EXERCISE:
Each record beneath this sentence is to be transcribed exactly as it reads.

Start of Block

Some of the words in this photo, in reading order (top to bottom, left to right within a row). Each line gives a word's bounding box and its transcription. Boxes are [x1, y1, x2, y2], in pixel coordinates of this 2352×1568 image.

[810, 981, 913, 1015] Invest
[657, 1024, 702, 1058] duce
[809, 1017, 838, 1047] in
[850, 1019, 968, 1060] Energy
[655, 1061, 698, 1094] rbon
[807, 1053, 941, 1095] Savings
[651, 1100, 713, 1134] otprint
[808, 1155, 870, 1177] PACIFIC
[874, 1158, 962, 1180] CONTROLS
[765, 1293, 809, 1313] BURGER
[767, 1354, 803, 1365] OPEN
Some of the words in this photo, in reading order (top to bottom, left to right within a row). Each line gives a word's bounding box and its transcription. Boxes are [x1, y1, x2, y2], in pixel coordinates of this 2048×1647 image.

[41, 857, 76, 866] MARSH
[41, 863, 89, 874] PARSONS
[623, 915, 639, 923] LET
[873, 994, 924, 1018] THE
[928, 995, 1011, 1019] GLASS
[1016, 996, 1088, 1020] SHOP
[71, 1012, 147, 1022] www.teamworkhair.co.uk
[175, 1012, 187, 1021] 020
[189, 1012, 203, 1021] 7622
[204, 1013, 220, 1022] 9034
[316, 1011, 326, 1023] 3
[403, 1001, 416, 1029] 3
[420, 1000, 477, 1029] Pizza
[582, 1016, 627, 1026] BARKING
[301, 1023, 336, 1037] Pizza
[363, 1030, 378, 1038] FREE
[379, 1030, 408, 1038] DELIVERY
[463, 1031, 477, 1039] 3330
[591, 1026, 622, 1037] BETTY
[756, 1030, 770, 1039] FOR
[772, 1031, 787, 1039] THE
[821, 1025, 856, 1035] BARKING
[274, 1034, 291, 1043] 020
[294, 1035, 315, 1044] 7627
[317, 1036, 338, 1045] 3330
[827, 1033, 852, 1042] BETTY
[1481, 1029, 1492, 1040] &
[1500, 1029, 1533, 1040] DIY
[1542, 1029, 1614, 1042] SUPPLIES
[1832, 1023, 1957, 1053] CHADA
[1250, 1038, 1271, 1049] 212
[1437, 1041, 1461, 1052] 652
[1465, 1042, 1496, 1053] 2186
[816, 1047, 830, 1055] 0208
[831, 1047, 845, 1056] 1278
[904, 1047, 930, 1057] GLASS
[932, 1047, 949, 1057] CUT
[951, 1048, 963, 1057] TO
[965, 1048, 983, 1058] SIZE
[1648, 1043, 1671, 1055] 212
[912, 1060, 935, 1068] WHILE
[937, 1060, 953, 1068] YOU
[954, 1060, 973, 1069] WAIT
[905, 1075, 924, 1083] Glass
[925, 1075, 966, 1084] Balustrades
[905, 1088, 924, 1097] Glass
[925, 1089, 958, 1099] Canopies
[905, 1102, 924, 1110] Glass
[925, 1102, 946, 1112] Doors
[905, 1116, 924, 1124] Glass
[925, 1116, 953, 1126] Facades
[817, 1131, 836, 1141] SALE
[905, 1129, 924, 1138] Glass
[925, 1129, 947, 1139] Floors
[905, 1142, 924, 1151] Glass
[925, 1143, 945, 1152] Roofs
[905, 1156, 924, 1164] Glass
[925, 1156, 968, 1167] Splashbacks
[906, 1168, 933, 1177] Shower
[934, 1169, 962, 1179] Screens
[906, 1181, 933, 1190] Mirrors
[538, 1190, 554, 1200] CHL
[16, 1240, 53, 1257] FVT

End of Block

OUTPUT:
Some of the words in this photo, in reading order (top to bottom, left to right within a row). Each line gives a word's bounding box and its transcription. Boxes are [x1, y1, x2, y2], in pixel coordinates of this 2352×1568 image.

[810, 981, 913, 1015] Invest
[657, 1024, 702, 1058] duce
[809, 1017, 838, 1047] in
[850, 1019, 968, 1060] Energy
[655, 1061, 698, 1094] rbon
[807, 1053, 941, 1095] Savings
[651, 1100, 713, 1134] otprint
[808, 1155, 870, 1177] PACIFIC
[874, 1158, 962, 1180] CONTROLS
[765, 1293, 809, 1313] BURGER
[767, 1354, 803, 1365] OPEN
Some of the words in this photo, in reading order (top to bottom, left to right within a row). Each line gives a word's bounding box and its transcription. Boxes are [x1, y1, x2, y2], in pixel coordinates of this 2048×1647 image.

[41, 857, 76, 866] MARSH
[41, 863, 89, 874] PARSONS
[623, 915, 639, 923] LET
[873, 994, 924, 1018] THE
[928, 995, 1011, 1019] GLASS
[1016, 996, 1088, 1020] SHOP
[71, 1012, 147, 1022] www.teamworkhair.co.uk
[175, 1012, 187, 1021] 020
[189, 1012, 203, 1021] 7622
[204, 1013, 220, 1022] 9034
[316, 1011, 326, 1023] 3
[403, 1001, 416, 1029] 3
[420, 1000, 477, 1029] Pizza
[582, 1016, 627, 1026] BARKING
[301, 1023, 336, 1037] Pizza
[363, 1030, 378, 1038] FREE
[379, 1030, 408, 1038] DELIVERY
[463, 1031, 477, 1039] 3330
[591, 1026, 622, 1037] BETTY
[756, 1030, 770, 1039] FOR
[772, 1031, 787, 1039] THE
[821, 1025, 856, 1035] BARKING
[274, 1034, 291, 1043] 020
[294, 1035, 315, 1044] 7627
[317, 1036, 338, 1045] 3330
[827, 1033, 852, 1042] BETTY
[1481, 1029, 1492, 1040] &
[1500, 1029, 1533, 1040] DIY
[1542, 1029, 1614, 1042] SUPPLIES
[1832, 1023, 1957, 1053] CHADA
[1250, 1038, 1271, 1049] 212
[1437, 1041, 1461, 1052] 652
[1465, 1042, 1496, 1053] 2186
[816, 1047, 830, 1055] 0208
[831, 1047, 845, 1056] 1278
[904, 1047, 930, 1057] GLASS
[932, 1047, 949, 1057] CUT
[951, 1048, 963, 1057] TO
[965, 1048, 983, 1058] SIZE
[1648, 1043, 1671, 1055] 212
[912, 1060, 935, 1068] WHILE
[937, 1060, 953, 1068] YOU
[954, 1060, 973, 1069] WAIT
[905, 1075, 924, 1083] Glass
[925, 1075, 966, 1084] Balustrades
[905, 1088, 924, 1097] Glass
[925, 1089, 958, 1099] Canopies
[905, 1102, 924, 1110] Glass
[925, 1102, 946, 1112] Doors
[905, 1116, 924, 1124] Glass
[925, 1116, 953, 1126] Facades
[817, 1131, 836, 1141] SALE
[905, 1129, 924, 1138] Glass
[925, 1129, 947, 1139] Floors
[905, 1142, 924, 1151] Glass
[925, 1143, 945, 1152] Roofs
[905, 1156, 924, 1164] Glass
[925, 1156, 968, 1167] Splashbacks
[906, 1168, 933, 1177] Shower
[934, 1169, 962, 1179] Screens
[906, 1181, 933, 1190] Mirrors
[538, 1190, 554, 1200] CHL
[16, 1240, 53, 1257] FVT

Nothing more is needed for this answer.